## Required work:
Output all of the lines below exactly, and leave out each image.

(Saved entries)
"""

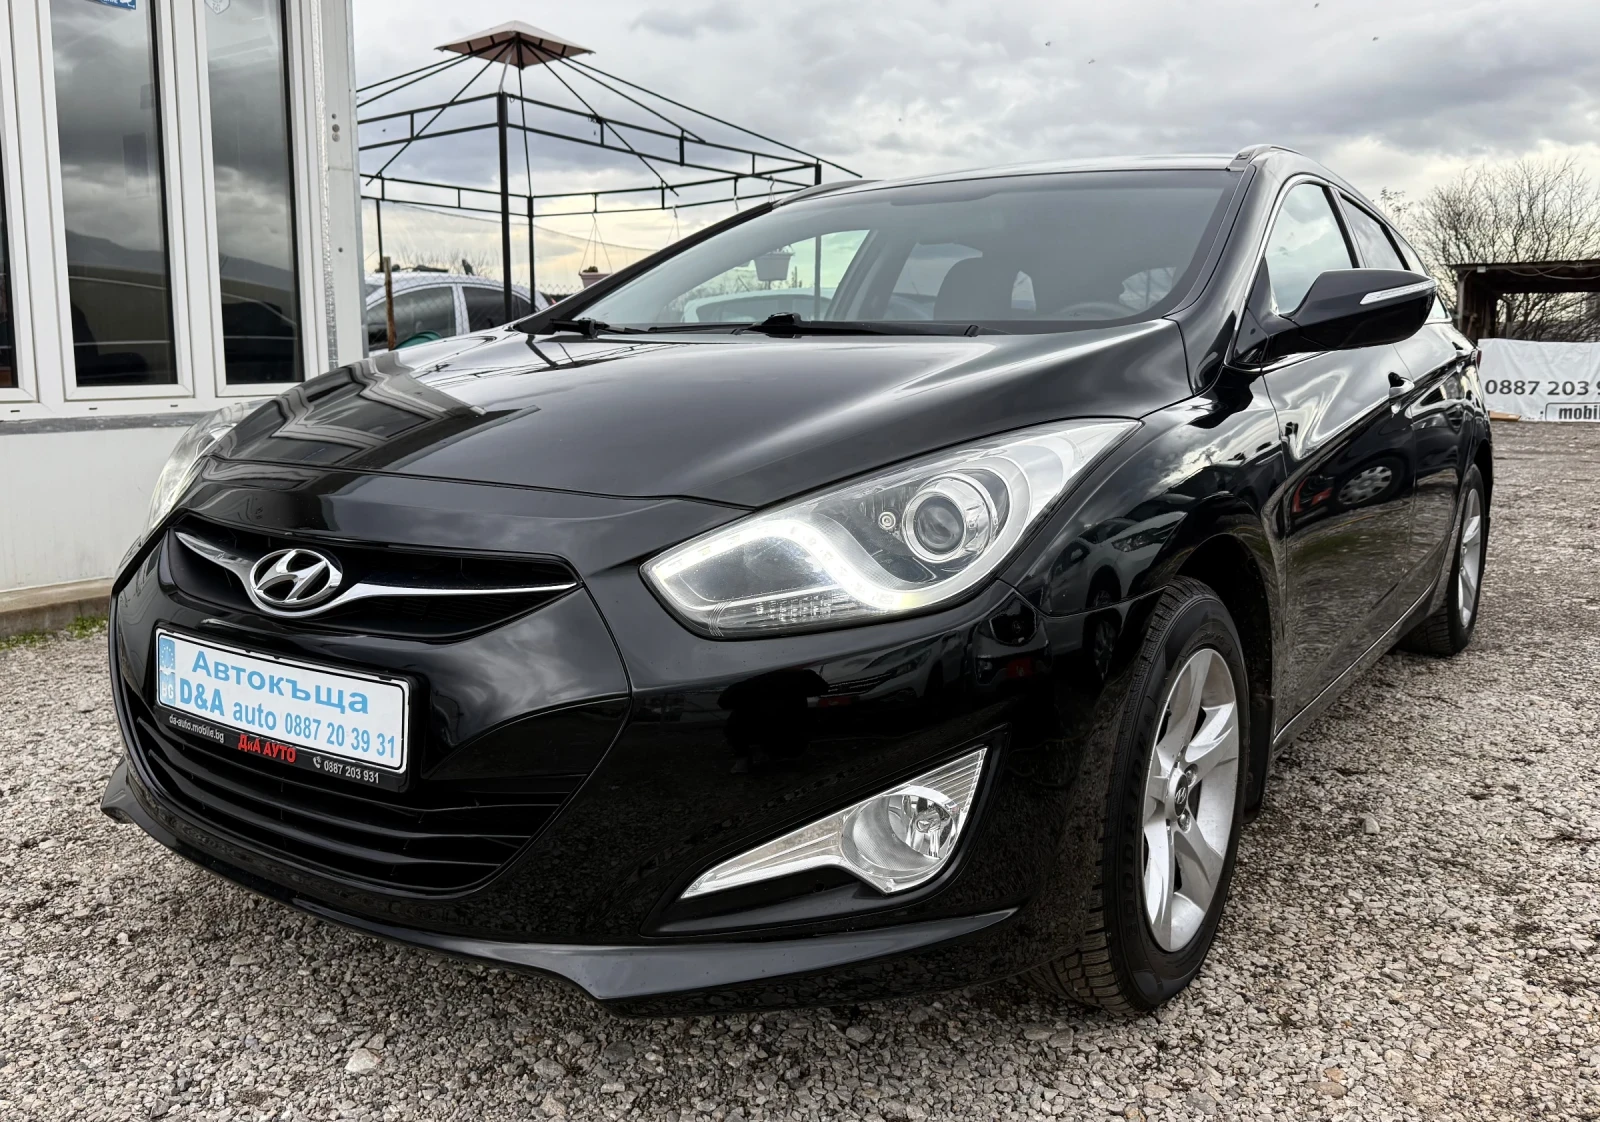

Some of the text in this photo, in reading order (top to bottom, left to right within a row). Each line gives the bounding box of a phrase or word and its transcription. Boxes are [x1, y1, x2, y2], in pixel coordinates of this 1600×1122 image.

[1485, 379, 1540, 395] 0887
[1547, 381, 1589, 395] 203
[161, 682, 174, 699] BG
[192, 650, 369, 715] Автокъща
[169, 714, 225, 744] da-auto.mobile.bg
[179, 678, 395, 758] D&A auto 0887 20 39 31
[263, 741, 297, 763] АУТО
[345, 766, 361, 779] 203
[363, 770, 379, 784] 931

"""

## Answer box:
Some of the text in this photo, in reading order (top to bottom, left to right within a row). Each line gives the bounding box of a phrase or word and its transcription. Boxes are [x1, y1, x2, y2], in pixel coordinates of this 1600×1122 image.

[1485, 379, 1540, 395] 0887
[1547, 381, 1589, 395] 203
[161, 682, 174, 699] BG
[192, 650, 369, 715] Автокъща
[169, 714, 225, 744] da-auto.mobile.bg
[179, 678, 395, 758] D&A auto 0887 20 39 31
[263, 741, 297, 763] АУТО
[345, 766, 361, 779] 203
[363, 770, 379, 784] 931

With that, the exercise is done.